Your goal: Only an exact copy of the entries, stripped of pictures, will serve as the answer.

Working data:

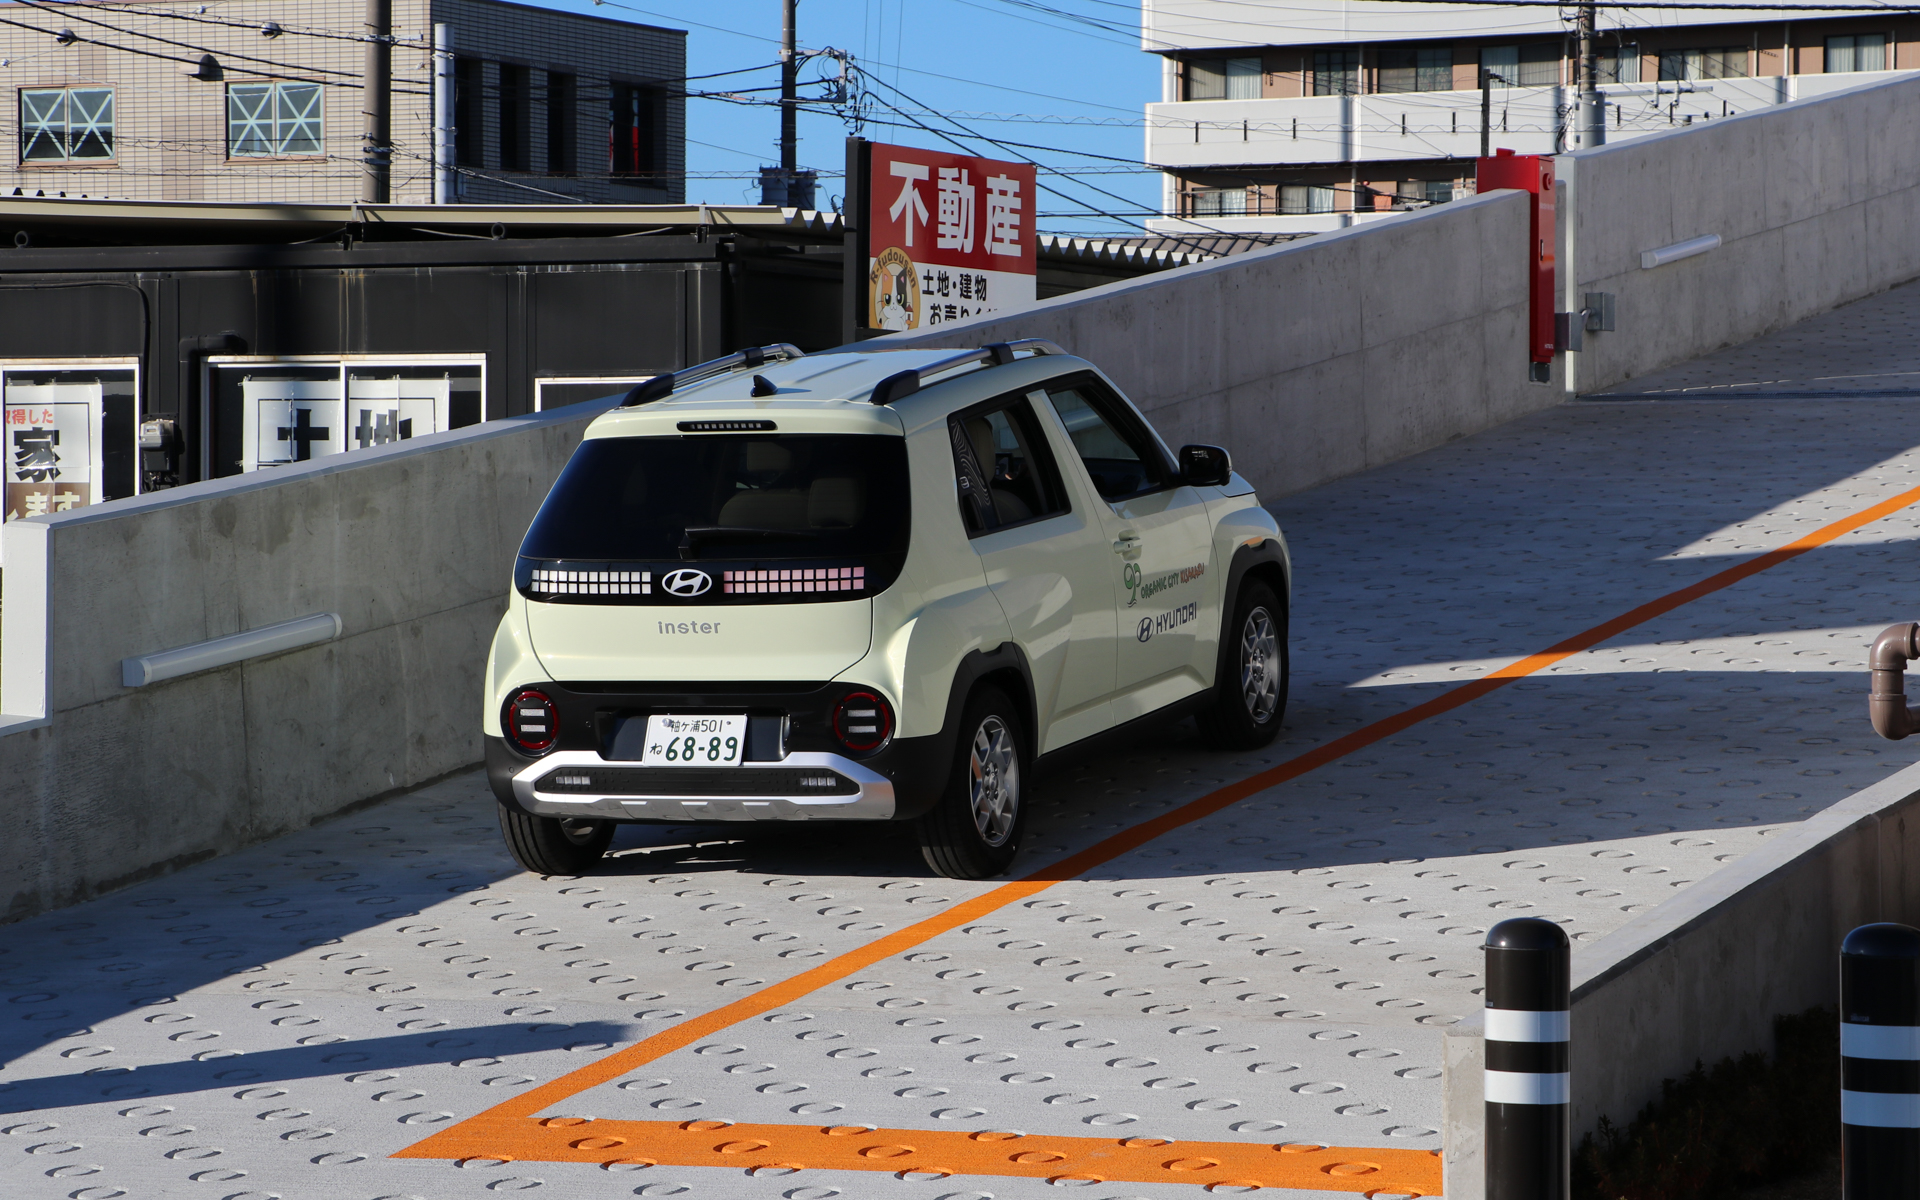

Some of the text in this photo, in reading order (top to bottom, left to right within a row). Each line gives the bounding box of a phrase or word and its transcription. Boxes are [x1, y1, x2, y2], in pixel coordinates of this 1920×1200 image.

[889, 160, 1022, 257] 不動産
[870, 249, 917, 288] R-fudousan
[14, 427, 62, 483] 家
[1140, 576, 1167, 599] ORGANIC
[1167, 572, 1180, 588] CITY
[1156, 601, 1197, 634] HYUNDAI
[649, 736, 738, 761] ね 68-89

Solution for this problem:
Some of the text in this photo, in reading order (top to bottom, left to right within a row). Each line gives the bounding box of a phrase or word and its transcription. Boxes are [x1, y1, x2, y2], in pixel coordinates of this 1920×1200 image.

[889, 160, 1022, 257] 不動産
[870, 249, 917, 288] R-fudousan
[14, 427, 62, 483] 家
[1140, 576, 1167, 599] ORGANIC
[1167, 572, 1180, 588] CITY
[1156, 601, 1197, 634] HYUNDAI
[649, 736, 738, 761] ね 68-89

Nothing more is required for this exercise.